Tuesday, December 11, 2007

Assembly Speaker Roberts: No paid family leave

Finally, someone is listening. But he left himself some wiggle room. It's not dead yet.

Seth Grossman's column in today's Asbury Park Press is the best argument against Paid Family Leave that I've read yet:

"Corzine says employees will pay the entire cost of the program through a payroll deduction of one-tenth of 1 percent of wages. Let's check his math.

An employee earning $600 per week would pay 60 cents a week, or $31.20 per year. If he takes 10 weeks of paid family leave that year, he collects $4,000, or roughly 128 times what he put in.
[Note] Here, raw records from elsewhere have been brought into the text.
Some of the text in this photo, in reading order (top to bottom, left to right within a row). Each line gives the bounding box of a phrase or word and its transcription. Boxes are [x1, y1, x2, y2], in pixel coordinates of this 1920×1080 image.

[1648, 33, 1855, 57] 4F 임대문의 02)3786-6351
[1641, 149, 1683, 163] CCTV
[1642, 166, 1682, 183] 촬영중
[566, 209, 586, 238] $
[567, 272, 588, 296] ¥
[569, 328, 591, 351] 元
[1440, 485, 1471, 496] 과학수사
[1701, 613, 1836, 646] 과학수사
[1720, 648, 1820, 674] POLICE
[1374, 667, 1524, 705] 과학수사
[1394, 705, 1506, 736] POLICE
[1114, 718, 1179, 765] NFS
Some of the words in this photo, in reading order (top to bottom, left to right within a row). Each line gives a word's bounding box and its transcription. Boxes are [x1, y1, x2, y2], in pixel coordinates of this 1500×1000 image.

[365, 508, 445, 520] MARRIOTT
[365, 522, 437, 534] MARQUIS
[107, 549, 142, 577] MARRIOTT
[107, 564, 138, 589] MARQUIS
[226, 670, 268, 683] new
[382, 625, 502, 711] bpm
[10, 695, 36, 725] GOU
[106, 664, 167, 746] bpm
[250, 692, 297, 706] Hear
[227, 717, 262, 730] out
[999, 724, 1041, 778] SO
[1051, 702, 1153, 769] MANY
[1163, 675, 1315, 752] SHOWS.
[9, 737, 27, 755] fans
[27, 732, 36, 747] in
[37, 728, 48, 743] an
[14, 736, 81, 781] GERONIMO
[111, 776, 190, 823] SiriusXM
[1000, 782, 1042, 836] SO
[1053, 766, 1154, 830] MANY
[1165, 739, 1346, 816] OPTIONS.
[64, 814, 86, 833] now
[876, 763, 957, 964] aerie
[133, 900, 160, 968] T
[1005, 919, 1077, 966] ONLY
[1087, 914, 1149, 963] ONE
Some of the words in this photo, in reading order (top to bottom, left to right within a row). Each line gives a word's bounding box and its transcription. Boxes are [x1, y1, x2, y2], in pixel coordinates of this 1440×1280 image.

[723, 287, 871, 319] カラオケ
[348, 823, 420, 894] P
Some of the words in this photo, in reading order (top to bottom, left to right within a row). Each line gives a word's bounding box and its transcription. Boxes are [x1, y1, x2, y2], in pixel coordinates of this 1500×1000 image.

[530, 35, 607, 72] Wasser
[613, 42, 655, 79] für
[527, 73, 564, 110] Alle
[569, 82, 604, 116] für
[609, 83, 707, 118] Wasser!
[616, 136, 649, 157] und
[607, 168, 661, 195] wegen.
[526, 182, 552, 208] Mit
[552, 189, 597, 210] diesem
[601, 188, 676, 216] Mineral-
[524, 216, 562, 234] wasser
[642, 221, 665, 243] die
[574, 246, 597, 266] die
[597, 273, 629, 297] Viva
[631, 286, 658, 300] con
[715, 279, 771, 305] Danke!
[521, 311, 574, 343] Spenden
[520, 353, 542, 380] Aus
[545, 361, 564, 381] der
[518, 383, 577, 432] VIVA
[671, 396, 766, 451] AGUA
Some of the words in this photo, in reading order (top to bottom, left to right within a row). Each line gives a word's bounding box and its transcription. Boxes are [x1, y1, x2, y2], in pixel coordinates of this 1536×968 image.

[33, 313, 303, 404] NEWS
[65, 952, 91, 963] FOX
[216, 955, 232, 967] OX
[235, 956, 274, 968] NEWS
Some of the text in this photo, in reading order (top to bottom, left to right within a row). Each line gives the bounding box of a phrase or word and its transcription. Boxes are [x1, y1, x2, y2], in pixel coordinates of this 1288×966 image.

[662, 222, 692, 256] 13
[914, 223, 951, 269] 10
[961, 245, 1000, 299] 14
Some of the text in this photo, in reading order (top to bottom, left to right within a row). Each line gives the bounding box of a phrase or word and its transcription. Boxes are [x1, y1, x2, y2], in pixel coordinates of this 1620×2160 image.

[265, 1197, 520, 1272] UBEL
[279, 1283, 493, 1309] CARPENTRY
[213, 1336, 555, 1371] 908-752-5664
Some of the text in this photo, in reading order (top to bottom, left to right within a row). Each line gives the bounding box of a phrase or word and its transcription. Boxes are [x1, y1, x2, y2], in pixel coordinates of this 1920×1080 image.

That means Corzine's plan only works if fewer than one in 128 employees takes paid family leave a year. That is unlikely."

1 comment:

Anonymous said...

THIS MEDICAL LEAVE ACT IS LIKE ANY OTHER INSURANCE. WHEN YOU PAY FOR INSURANCE ON A HOME,YOUR PAYING FOR THE POSSIBILITY THAT WHEN SOMETHING OCCURS,THAT YOU ARE COVERED FOR THE AMOUNT THAT YOUR HOME OR PROPERTY IS WORTH. A FAMILY MEDICAL LEAVE ACT TRULY HAS NO PRICE ON THE FACT THAT WHEN A TRAGEDY OCCURS IN YOUR FAMILY YOU DO NOT HAVE TO WORRY ABOUT HAVING TO PAY FOR YOUR BILLS OR JUST SIMPLY PROVIDE FOR YOUR FAMILY.